- [What the task requires]:
Repeat all of the records word for word, but skip any picture.

- [Data extracts]:
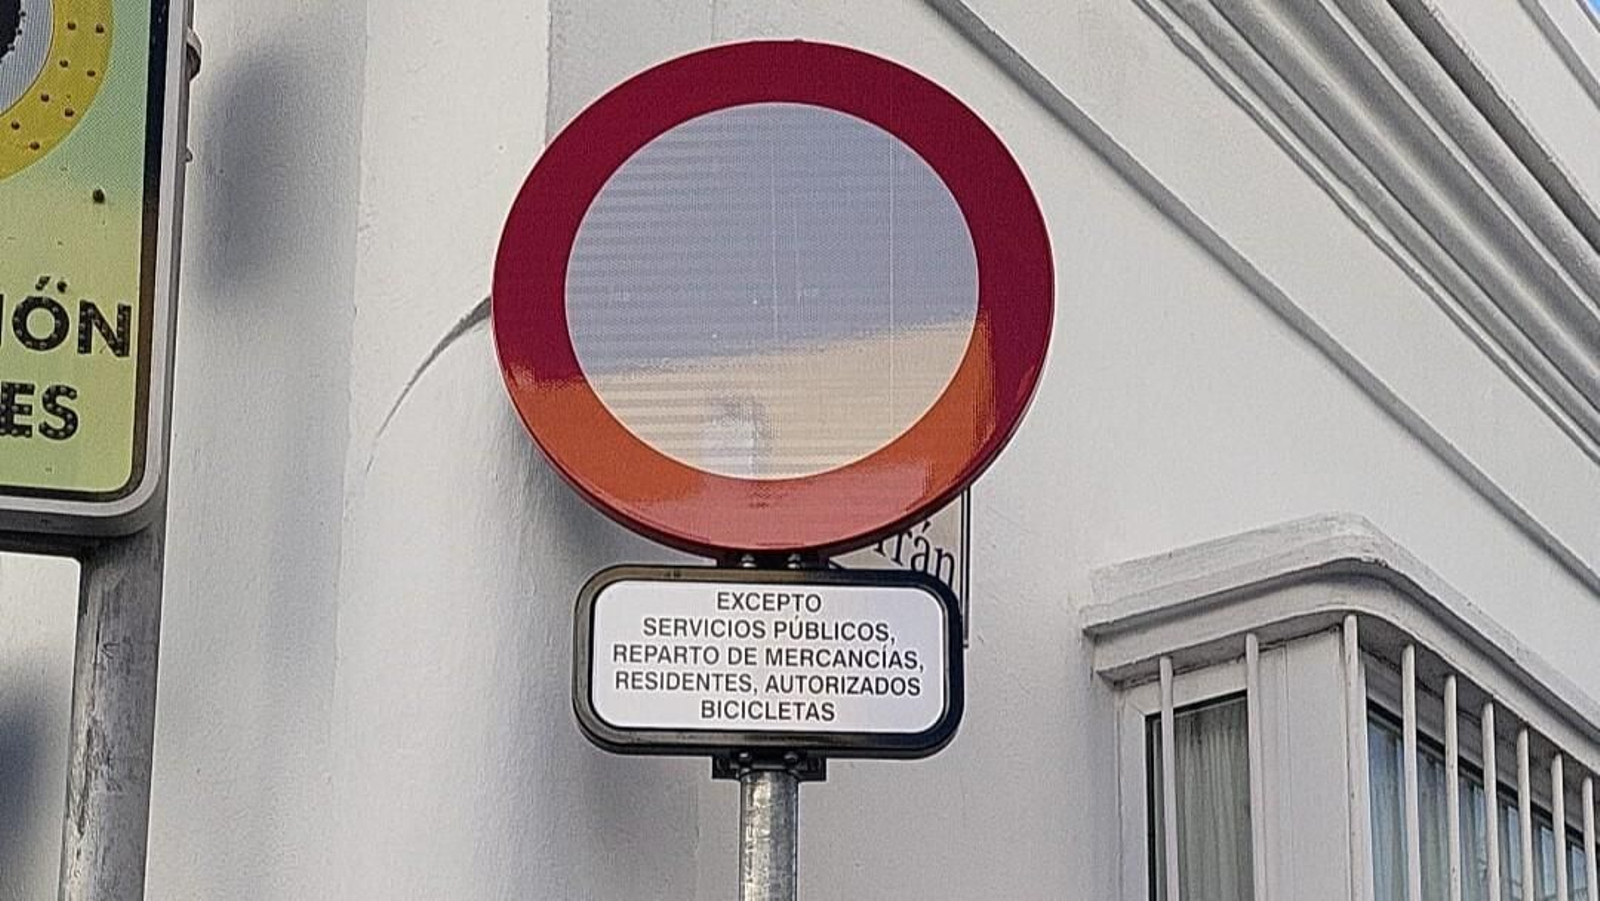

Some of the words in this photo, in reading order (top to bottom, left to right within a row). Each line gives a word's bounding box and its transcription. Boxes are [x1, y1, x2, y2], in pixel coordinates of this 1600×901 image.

[0, 275, 132, 357] ÓN
[717, 591, 822, 613] EXCEPTO
[643, 617, 766, 639] SERVICIOS
[774, 615, 896, 645] PÚBLICOS,
[613, 644, 720, 665] REPARTO
[728, 647, 757, 666] DE
[765, 643, 924, 673] MERCANCÍAS,
[615, 671, 758, 694] RESIDENTES,
[765, 674, 921, 697] AUTORIZADOS
[701, 700, 835, 722] BICICLETAS

- [Problem solution]:
Some of the words in this photo, in reading order (top to bottom, left to right within a row). Each line gives a word's bounding box and its transcription. Boxes are [x1, y1, x2, y2], in pixel coordinates of this 1600×901 image.

[0, 275, 132, 357] ÓN
[717, 591, 822, 613] EXCEPTO
[643, 617, 766, 639] SERVICIOS
[774, 615, 896, 645] PÚBLICOS,
[613, 644, 720, 665] REPARTO
[728, 647, 757, 666] DE
[765, 643, 924, 673] MERCANCÍAS,
[615, 671, 758, 694] RESIDENTES,
[765, 674, 921, 697] AUTORIZADOS
[701, 700, 835, 722] BICICLETAS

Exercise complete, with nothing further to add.